DataTree didn't get implemented overnight - it was a multi-year effort that took place in a number of steps, and there are some lessons to be learned from the story.

In March 2021, the xarray team submitted a [funding proposal](https://zenodo.org/records/5484176) to the [Chan-Zuckerberg Initiative](https://chanzuckerberg.com/eoss/) to develop "TreeDataset", citing bioscience use cases such as [microscopy image pyramids](https://spatialdata.scverse.org/en/latest/design_doc.html). Unfortunately whilst we've been lucky to [receive CZI funding before](https://chanzuckerberg.com/eoss/proposals/xarray-multidimensional-labeled-arrays-and-datasets-in-python/), on this occasion we didn't win money to work on the datatree idea.

In the absence of dedicated funding for datatree, Tom then used some time whilst at the [Climate Data Science Lab](https://ocean-transport.github.io/cds_lab.html) at Columbia University to take a initial stab at the design in August 2021 - writing the first implementation on an overnight Amtrak! This simple prototype was released as a separate package in the [`xarray-contrib/datatree` repository](https://github.com/xarray-contrib/datatree), and steadily gained a small community of intrepid users.

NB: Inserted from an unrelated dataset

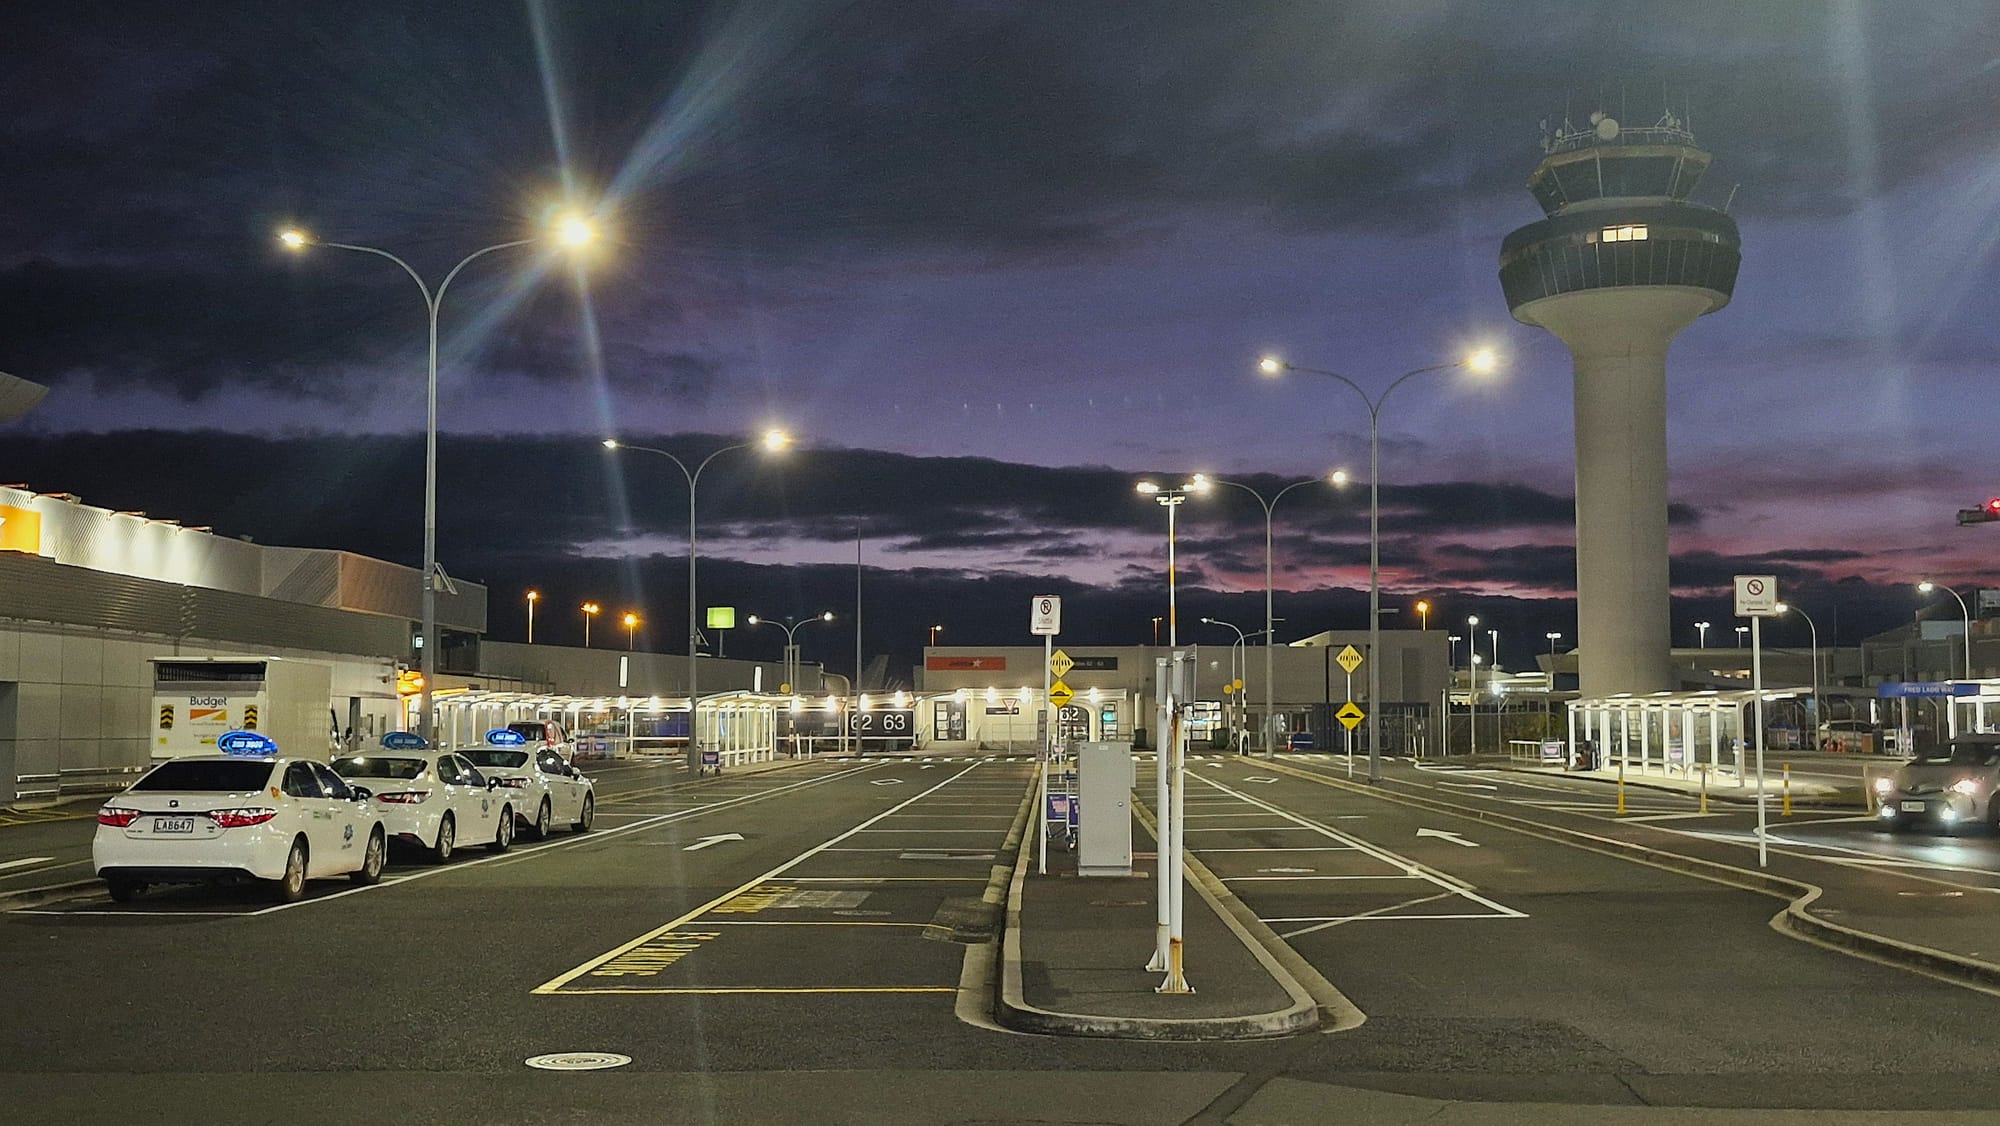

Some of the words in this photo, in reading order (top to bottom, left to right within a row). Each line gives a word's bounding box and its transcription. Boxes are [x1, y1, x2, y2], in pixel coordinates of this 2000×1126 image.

[190, 696, 227, 708] Budget
[851, 714, 873, 730] 62
[883, 714, 906, 730] 63
[156, 821, 191, 830] LAB647

It was driven partly by the use case of [climate model intercomparison datasets](https://medium.com/pangeo/easy-ipcc-part-1-multi-model-datatree-469b87cf9114).

A separate repository was chosen for speed of iteration, and to be able to more easily [make changes](https://github.com/xarray-contrib/datatree/blob/7ba05880c37f2371b5174f6e8dcfae31248fe19f/README.md#development-roadmap) without worrying as much about [backwards compatibility](https://github.com/pydata/xarray/issues/9854) as code in xarray's main repo does. However the separate repo meant that the prototype `datatree` library was not fully integrated with xarray's main codebase, limiting possible features and requiring fragile dependencies on private xarray internals.

The prototype then sat there for 2 years, until NASA ESDIS approached the xarray core team in August 2023. ESDIS devs wanted the ability to work with entire hierarchical files, and had experimented with the prototype version of datatree, but they wanted datatree functionality to be migrated upstream into xarray's main repository so there would be more guarantees of long-term API stability and support.

Amazingly the NASA team were able to offer engineer time, so starting in late 2023 Owen, Matt, and Eni (NASA) worked on migrating datatree into xarray upstream, with regular supervision from Tom, Justus, and Stephan (existing xarray core devs).

This second stage of development allowed us to reduce the bus factor on the datatree code, sanity check the original approach, and it gave us a chance to make some significant improvements to the design without backwards-compatibility concerns (for example enabling the [new "coordinate inheritance" feature](https://docs.xarray.dev/en/stable/user-guide/hierarchical-data.html#alignment-and-coordinate-inheritance)).

## Lessons for future collaborations

This development story is different from the more typical scientific grant funding model - how did that work out for us?

The scientific grant model for funding software expects you to present a full idea in a proposal, wait 6-12 months to hopefully get funding for it, then implement the whole thing during the grant period. In contrast datatree evolved over a gradual process of moving from ideas to hacky prototype to robust implementation, with big time gaps for user feedback and experimentation. The migration was completed by developer-users who actually wanted the feature, rather than grant awardees working in service of a separate and maybe-only-theoretical userbase.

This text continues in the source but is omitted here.